Problem to solve:
Make an exact copy of the records, and keep the pictures out of it.

[Excerpts from a dataset]

::::::::::

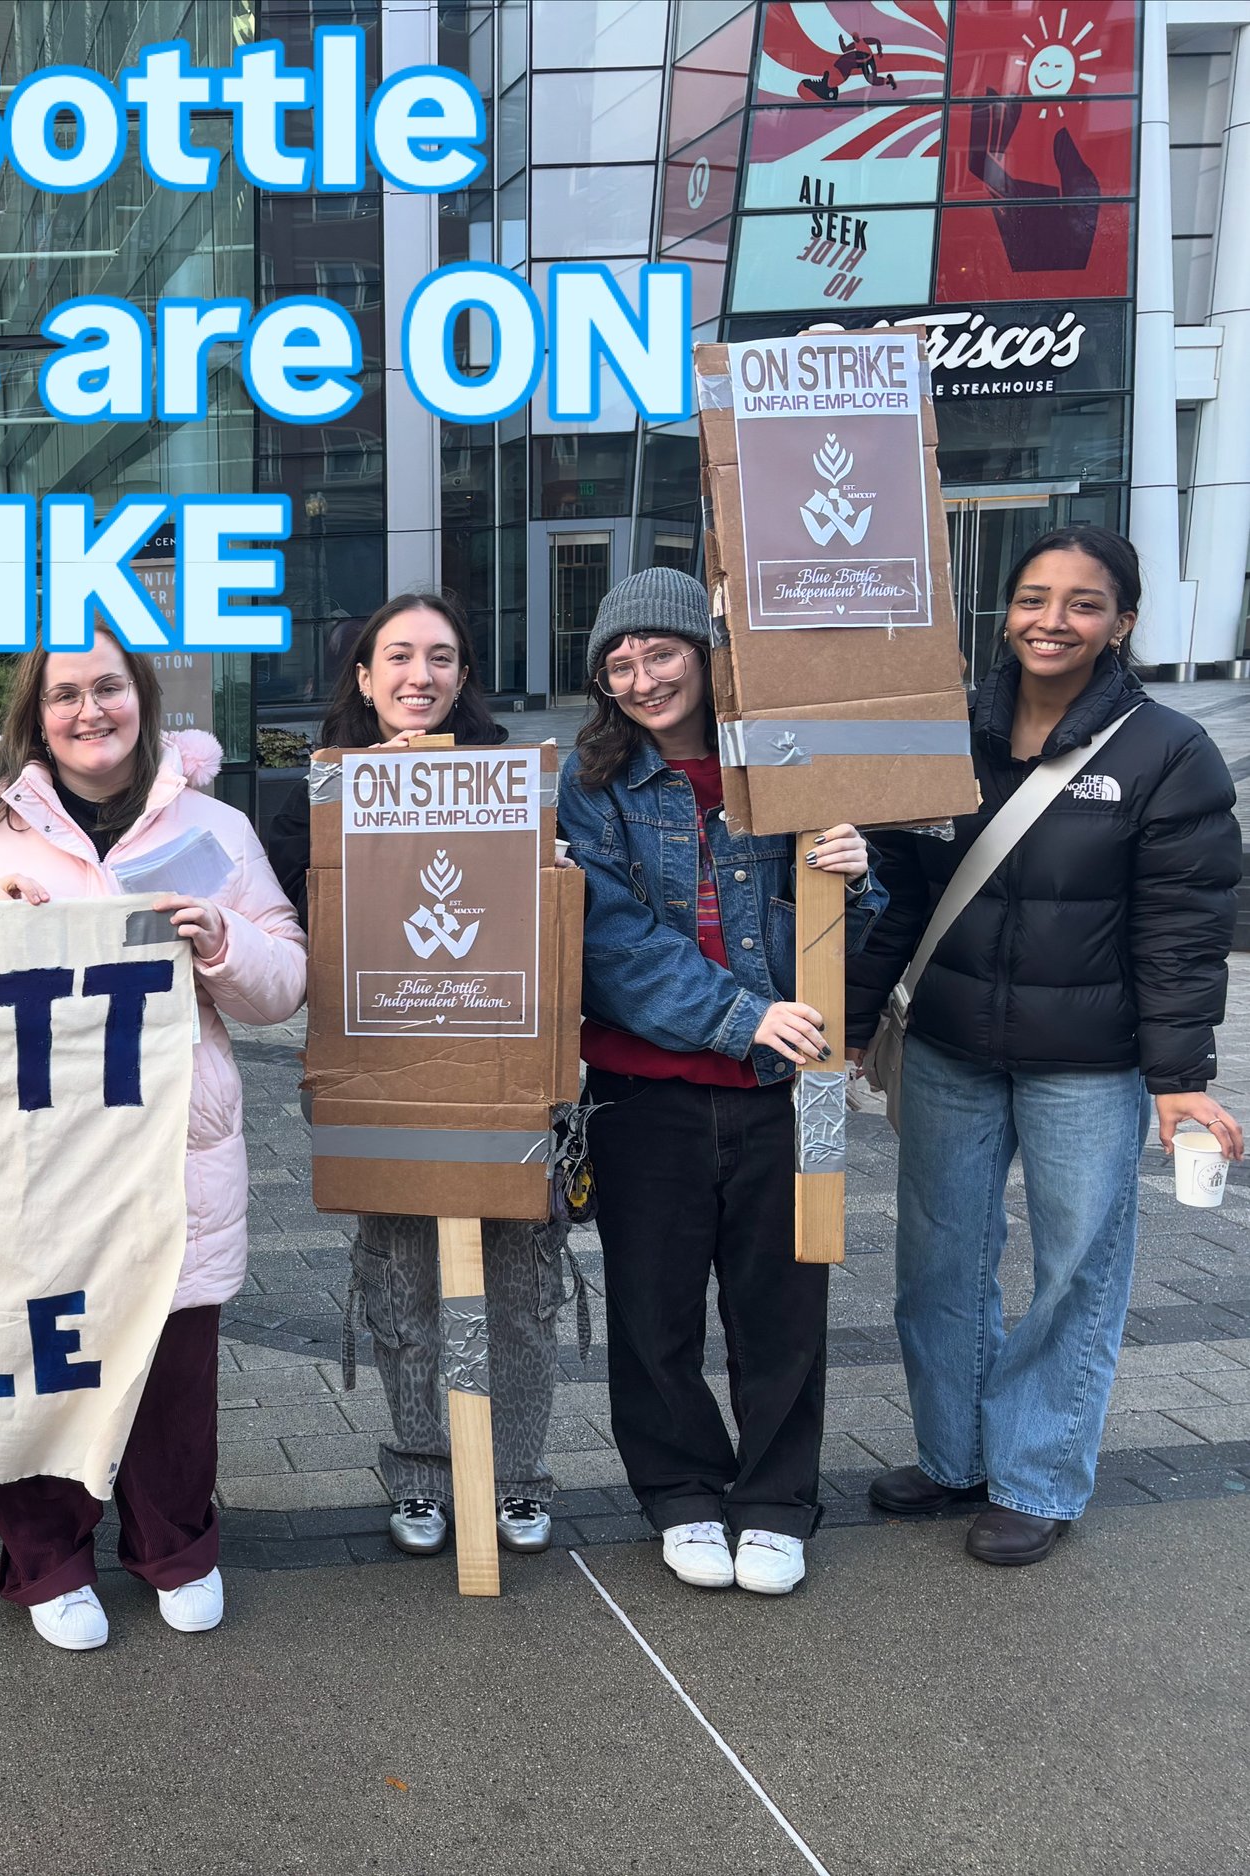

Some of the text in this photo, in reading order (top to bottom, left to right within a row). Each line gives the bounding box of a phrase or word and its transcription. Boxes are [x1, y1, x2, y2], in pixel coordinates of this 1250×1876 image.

[811, 212, 868, 250] SEEK
[741, 345, 907, 393] ON STRIKE
[952, 380, 1054, 396] STEAKHOUSE
[744, 392, 908, 412] UNFAIR EMPLOYER
[795, 566, 881, 584] Blue Bottle
[773, 583, 905, 605] Independent Union
[353, 760, 527, 808] ON STRIKE
[1065, 782, 1102, 792] NORTH
[1081, 774, 1103, 783] THE
[1074, 791, 1102, 800] FACE
[354, 808, 528, 827] UNFAIR EMPLOYER
[453, 907, 486, 915] MMXXIV
[395, 978, 487, 995] Blue Bottle
[371, 993, 511, 1014] Independent Union

::::::::::

Exercise result:
Some of the text in this photo, in reading order (top to bottom, left to right within a row). Each line gives the bounding box of a phrase or word and its transcription. Boxes are [x1, y1, x2, y2], in pixel coordinates of this 1250×1876 image.

[811, 212, 868, 250] SEEK
[741, 345, 907, 393] ON STRIKE
[952, 380, 1054, 396] STEAKHOUSE
[744, 392, 908, 412] UNFAIR EMPLOYER
[795, 566, 881, 584] Blue Bottle
[773, 583, 905, 605] Independent Union
[353, 760, 527, 808] ON STRIKE
[1065, 782, 1102, 792] NORTH
[1081, 774, 1103, 783] THE
[1074, 791, 1102, 800] FACE
[354, 808, 528, 827] UNFAIR EMPLOYER
[453, 907, 486, 915] MMXXIV
[395, 978, 487, 995] Blue Bottle
[371, 993, 511, 1014] Independent Union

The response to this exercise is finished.